Originally appeared in The Herald-Times, 7/9/99, Bloomington, IN.
Audibles: J.J. Perry
Harmonica master James Cotton hasn’t played in Bloomington in over 10 years, but he’s managed to keep himself busy.
His last album, Deep in the Blues, won a Grammy, a W.C Handy (the blues Grammy) and Downbeat magazine awards. He has also been a guest on Conan O’Brien and David Letterman, as well as making cameos on a Rolling Stones tribute album and on Kenny Wayne Sheppard’s latest.
Cotton will perform at the Bluebird Thursday.
How does the man keep up the pace? With a raspy-whisper voice, the gentle-sounding blues great gives a simple answer. “My harmonica brought me fame.
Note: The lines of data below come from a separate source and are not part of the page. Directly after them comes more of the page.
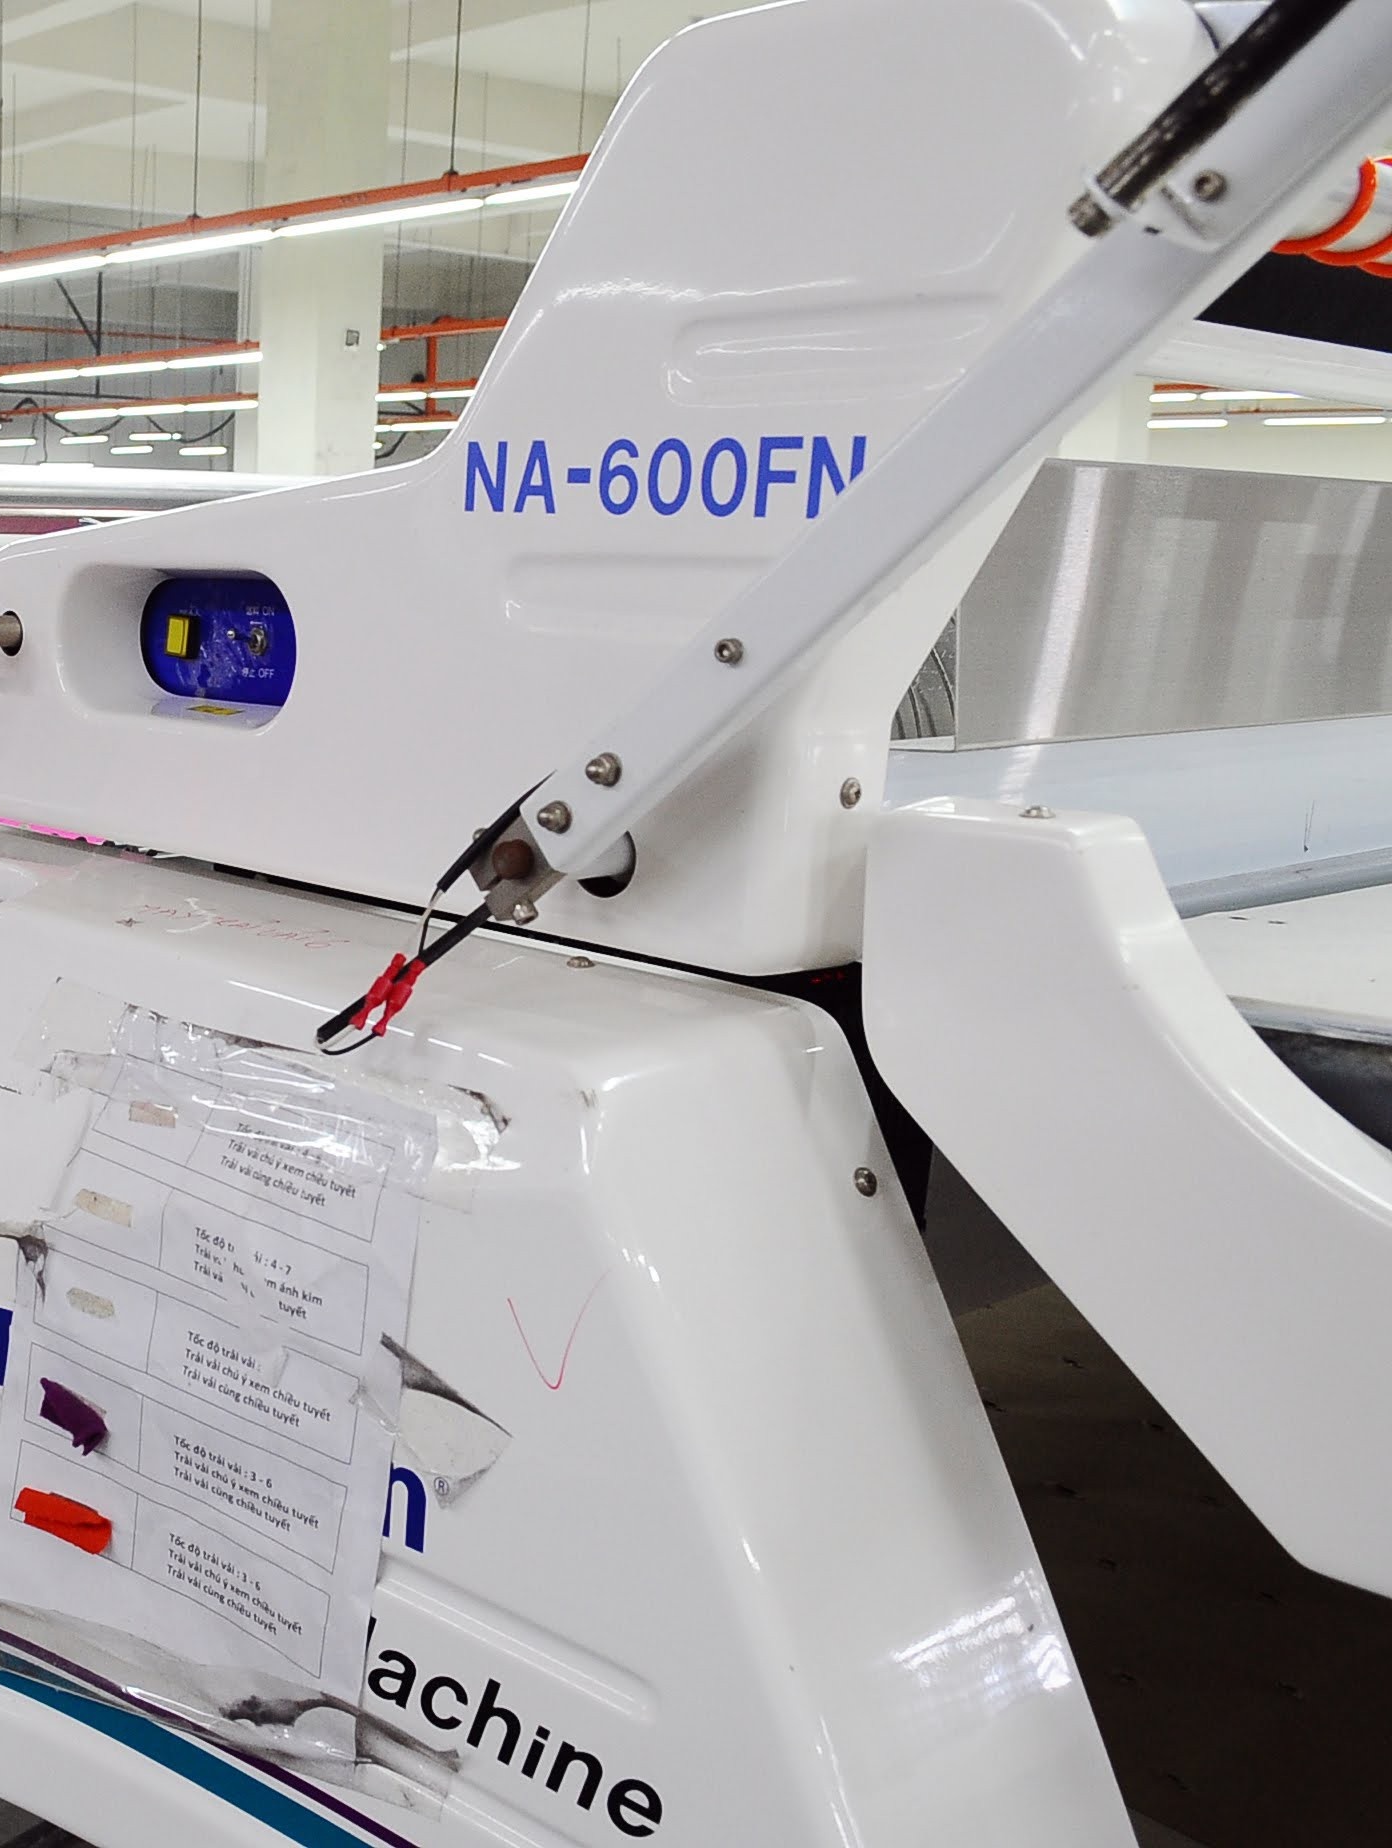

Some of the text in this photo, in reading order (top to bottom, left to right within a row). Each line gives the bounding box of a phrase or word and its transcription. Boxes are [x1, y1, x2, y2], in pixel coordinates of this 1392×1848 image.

[464, 436, 867, 519] NA-600FN
[258, 667, 275, 679] OFF
[282, 1162, 305, 1178] xem
[285, 1265, 292, 1275] 7
[302, 1290, 323, 1306] kim
[188, 1331, 205, 1347] Tốc
[250, 1379, 270, 1395] xem
[174, 1435, 191, 1451] Tốc
[251, 1471, 257, 1482] 3
[266, 1478, 272, 1489] 6
[239, 1484, 260, 1499] xem
[169, 1533, 186, 1549] Tốc
[230, 1585, 250, 1601] xem
[366, 1616, 663, 1838] achine
I can’t stop playing it, it’s the thing that I have to do.”
And Cotton has been doing it for years. Born in Tunica, Miss., in 1935, Cotton was exposed to the blues early on by the Helena, Ark., radio station KFFA, which broadcast blues harp genius Sonny Boy Williamson every day. Cotton’s mother, also, played harmonica, and James showed some talent for the instrument.
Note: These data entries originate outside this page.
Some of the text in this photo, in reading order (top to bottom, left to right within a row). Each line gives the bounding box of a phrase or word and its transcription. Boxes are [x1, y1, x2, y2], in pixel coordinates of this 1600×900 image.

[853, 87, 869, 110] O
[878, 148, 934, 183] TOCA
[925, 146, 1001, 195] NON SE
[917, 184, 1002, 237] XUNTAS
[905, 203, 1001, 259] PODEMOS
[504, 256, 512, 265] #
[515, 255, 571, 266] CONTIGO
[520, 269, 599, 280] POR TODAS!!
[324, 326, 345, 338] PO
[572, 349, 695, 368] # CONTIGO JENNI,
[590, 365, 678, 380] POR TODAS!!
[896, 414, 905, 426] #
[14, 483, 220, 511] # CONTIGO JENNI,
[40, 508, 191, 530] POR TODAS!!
Cotton began following Sonny Boy around until, at age 15, he inherited Sonny Boy’s band when the unpredictable musician left town. Cotton got to meet and play with the men who would go on to shape the blues: Pinetop Perkins, Elmore James and Robert Nighthawk, among others.
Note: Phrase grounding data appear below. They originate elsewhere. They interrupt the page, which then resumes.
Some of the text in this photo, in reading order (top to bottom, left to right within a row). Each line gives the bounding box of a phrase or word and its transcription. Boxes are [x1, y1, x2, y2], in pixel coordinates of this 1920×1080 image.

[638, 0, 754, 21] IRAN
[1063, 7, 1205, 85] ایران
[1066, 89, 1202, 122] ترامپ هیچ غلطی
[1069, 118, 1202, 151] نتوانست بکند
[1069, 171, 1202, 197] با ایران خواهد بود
But it wasn’t until 1954 that he got his big break. Muddy Waters had come to Memphis in search of a harp player after his regular sideman, Junior Wells, skipped out on him. That turned out to be the proving ground Cotton needed. It was one of Muddy’s classic bands, and Cotton stayed on for 12 years.
By 1966, Cotton had tired of playing sideman, so he branched off on his own. “I never wanted to disrespect Muddy’s music … I wanted to do something else,” Cotton said. Landing on the Verve label, Cotton’s brand of classic Chicago harp was placed in a funky R&B bag. “When the radio changed, they were doing more R&B and stuff like that, so I went to that, but the blues wouldn’t let me go.”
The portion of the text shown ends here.